We are currently working on the pre-clustering and clustering for the MCH detectors, and we have some really basic question regarding the definition of the data structures that need to go out from each step, and be compatible with DPL messages.
For example, a pre-cluster in our case would basically correspond to a list of associated digits, something like this in a kind of pseudo-code:
struct MCHDigit
{
int time, amplitude, detid, padid;
};
struct MCHPreCluster
{
std::vector<MCHDigit> digits;
};
Would such a MCHPreCluster structure be compatible with DPL messages? In the DPL documentation I read this:
“If the message is of a known messageable type, you can automatically get the content of the message by passing type T as template argument. The actual operation depends on the properties of the type. Not all types are supported”
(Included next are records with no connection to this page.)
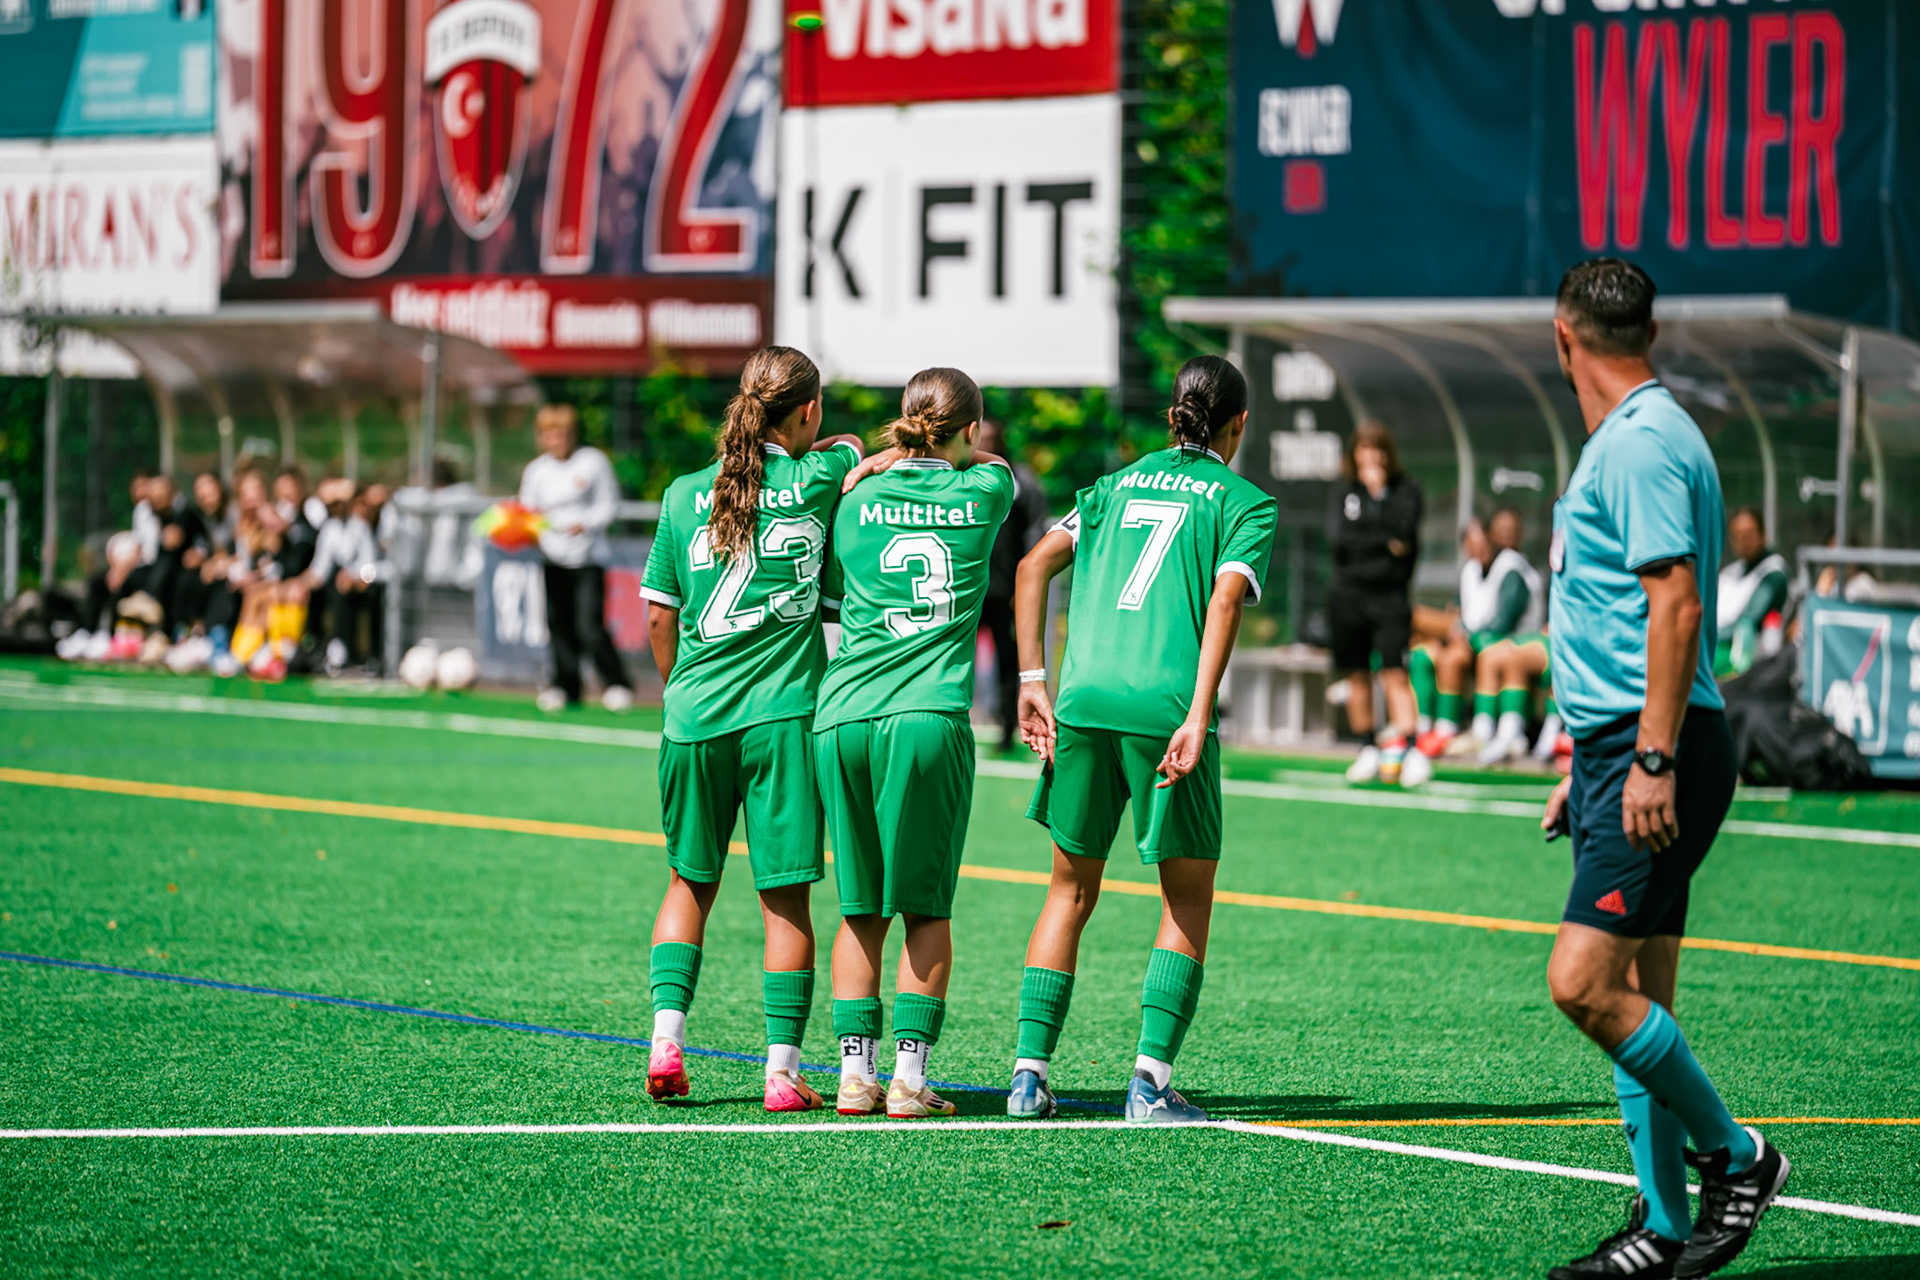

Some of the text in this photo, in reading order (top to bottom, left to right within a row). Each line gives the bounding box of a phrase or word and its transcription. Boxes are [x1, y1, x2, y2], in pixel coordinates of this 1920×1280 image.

[1572, 14, 1847, 251] WYLER
[806, 181, 1094, 299] K FIT
[695, 482, 804, 514] Mitel
[859, 501, 976, 526] Multitel
[1115, 471, 1219, 500] Multitel
[689, 514, 826, 642] 23
[880, 532, 956, 639] 3
[1116, 499, 1189, 611] 7
Otherwise, are there already some default base types for pre-clusters and clusters defined in the O2 framework?
Vector of such MCHPreCluster can be messaged using root serialization, which comes with overhead. Both from the messaging and the process memory management POV, it is better to avoid vectors of vectors. Instead, you can split it to vectors, e.g.
struct MCHPreClusterRef {
o2::dataformats::RangeRefComp<4> ref; // 4 means that it may refer to (1<<4)-1=15 clusters, use 5 if needed
// + other data members if needed, if none, you can simply derive from RangeRefComp
}
;
std::vector<MCHDigit> digits;
std::vector<MCHPreClusterRef> preclusterRefs;
// the way to access content of the precluster (obviously, the digits of single precluster
// should be stored in the digits in a continuous way.
for (int i=0;i<preclusterRefs.size();i++) {
const auto& pcr = preclusterRefs[i];
std::cout << "precluster " << i << " of " << pcr.getEntries() << "digits\n";
for (int d=0;d<pcr.getEntries();d++) {
const auto& dig = digits[pcr.getFirstEntry()+d];
std::cout << "digit " << d << " " << dig << '\n';
}
}
Thanks for the example! Let me see if I understood the logic, and if there could be an even simpler solution…
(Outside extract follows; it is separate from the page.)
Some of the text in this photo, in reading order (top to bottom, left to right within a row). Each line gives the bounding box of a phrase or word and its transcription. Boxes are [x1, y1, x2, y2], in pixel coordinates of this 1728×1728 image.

Assuming that there are no digits in common between pre-clusters, we could have a single std::vector<MCHDigit> containing all the digits ordered by their association to pre-clusters, and a second std::vector<int> with the size of each pre-cluster.
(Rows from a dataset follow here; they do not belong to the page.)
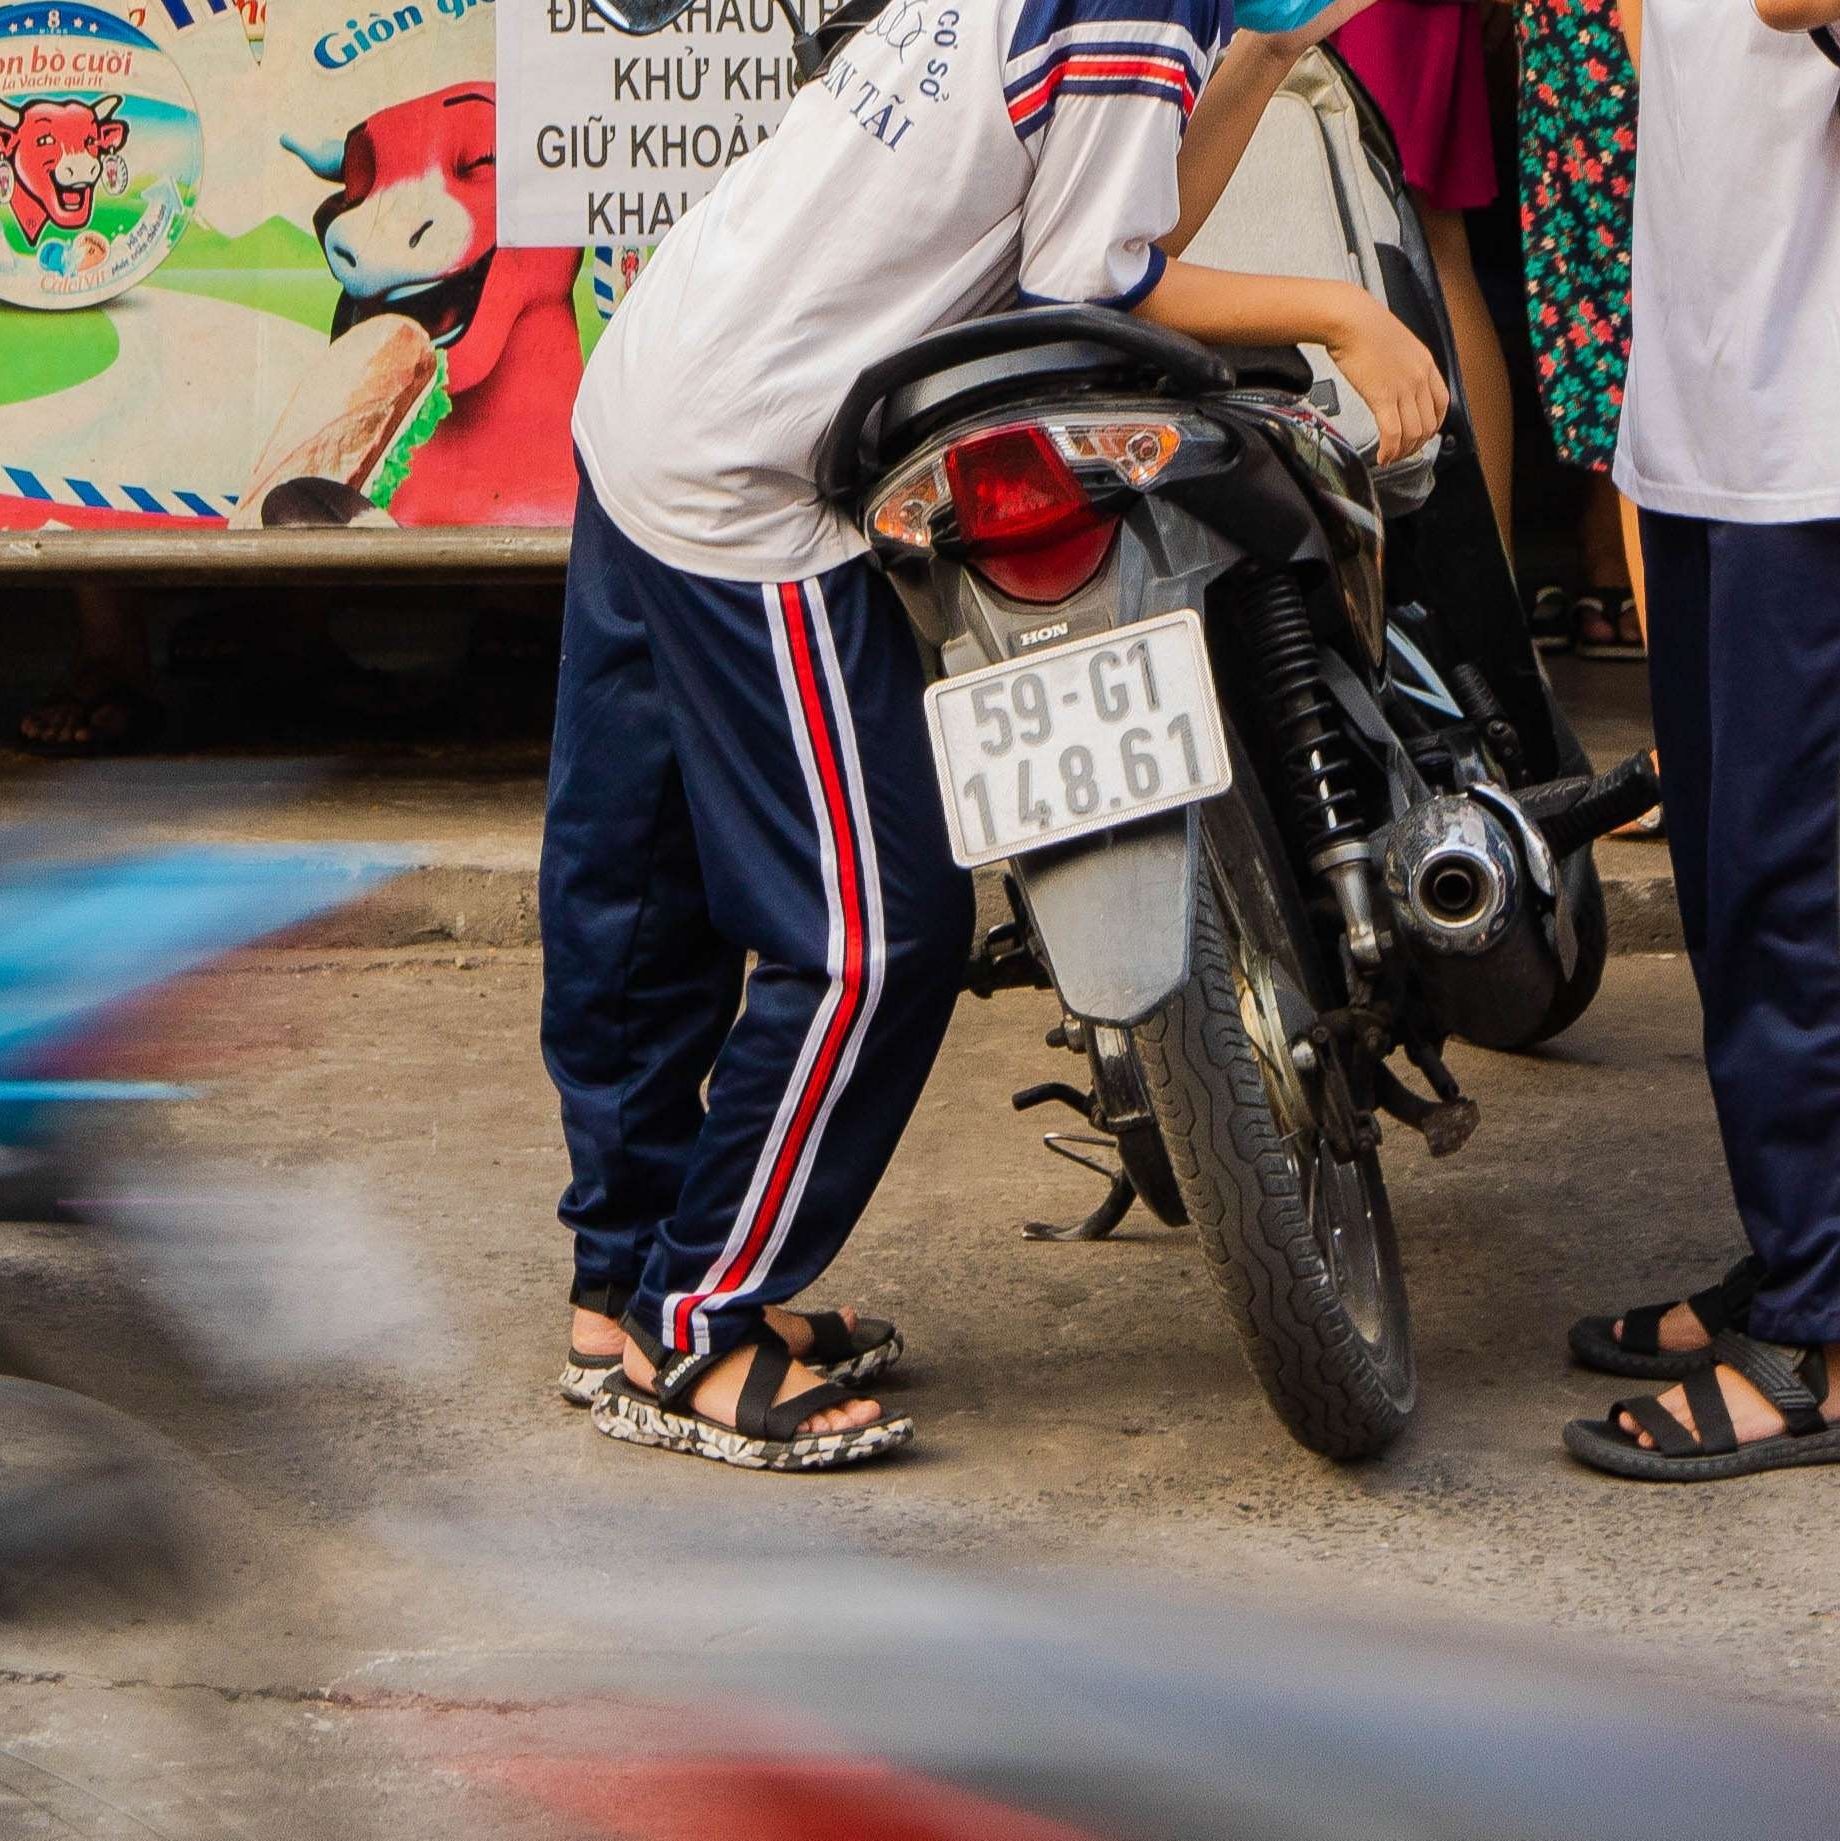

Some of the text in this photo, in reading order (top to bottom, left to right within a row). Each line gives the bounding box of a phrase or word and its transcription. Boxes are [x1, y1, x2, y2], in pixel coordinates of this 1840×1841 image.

[30, 44, 66, 75] bò
[72, 49, 134, 76] cười
[313, 3, 424, 71] Giòn
[614, 46, 710, 101] KHỬ
[536, 115, 616, 169] GIỮ
[970, 638, 1161, 758] 59-G1
[963, 712, 1202, 846] 148.61
For example, if I have 2 pre-clusters, one with 3 digits and the second with 4 digits, I would create a MCHDigit vector with 7 entries, and a second vector of integers with two entries respectively equal to 3 and 4.
Does this make sense?
Yes, this will also work, provided you don’t need random access to the preclusters (i.e. to get the digits of the precluster J you will need to get the offset of their start by summing all sizes 0 : J-1). The RangeRefComp stores the number of entries (e.g. digits) and the offset of the 1 digits.
In fact, if you start with existing vector of digits, you may actually avoid recreating it in way sorted in cluster attachment order: instead, can introduce the vector of indices of digits used by the cluster and refer by RangeRefComp to these vector, i.e. externding my previous example:
std::vector<int> digIdx; // indices of unordered digits used in clusters
//...
for (int i=0;i<preclusterRefs.size();i++) {
const auto& pcr = preclusterRefs[i];
std::cout << "precluster " << i << " of " << pcr.getEntries() << "digits\n";
for (int d=0;d<pcr.getEntries();d++) {
const auto& dig = digits[ digIdx[ pcr.getFirstEntry()+d] ];
std::cout << "digit " << d << " " << dig << '\n';
}
}
PS: Note that the sizeof(RangeRefComp) is the same as int, if you use RangeRefComp<4>, you still have 28 bits for the 1st digit offset (in the TF you will anyway have < 268435456 digits)
In our case, the output vector of digits will likely be different (smaller) than the input one, because we want to use the pre-clusterization to filter out bad digits - for example those that are clearly originating from noise. Then we are free to order the output the way we want.
Sending the sizes and not the offsets has the advantage that there will be no hard cut on the total number of digits.
Anyway, thanks for the explanations, not I really have a better picture of how to handle this!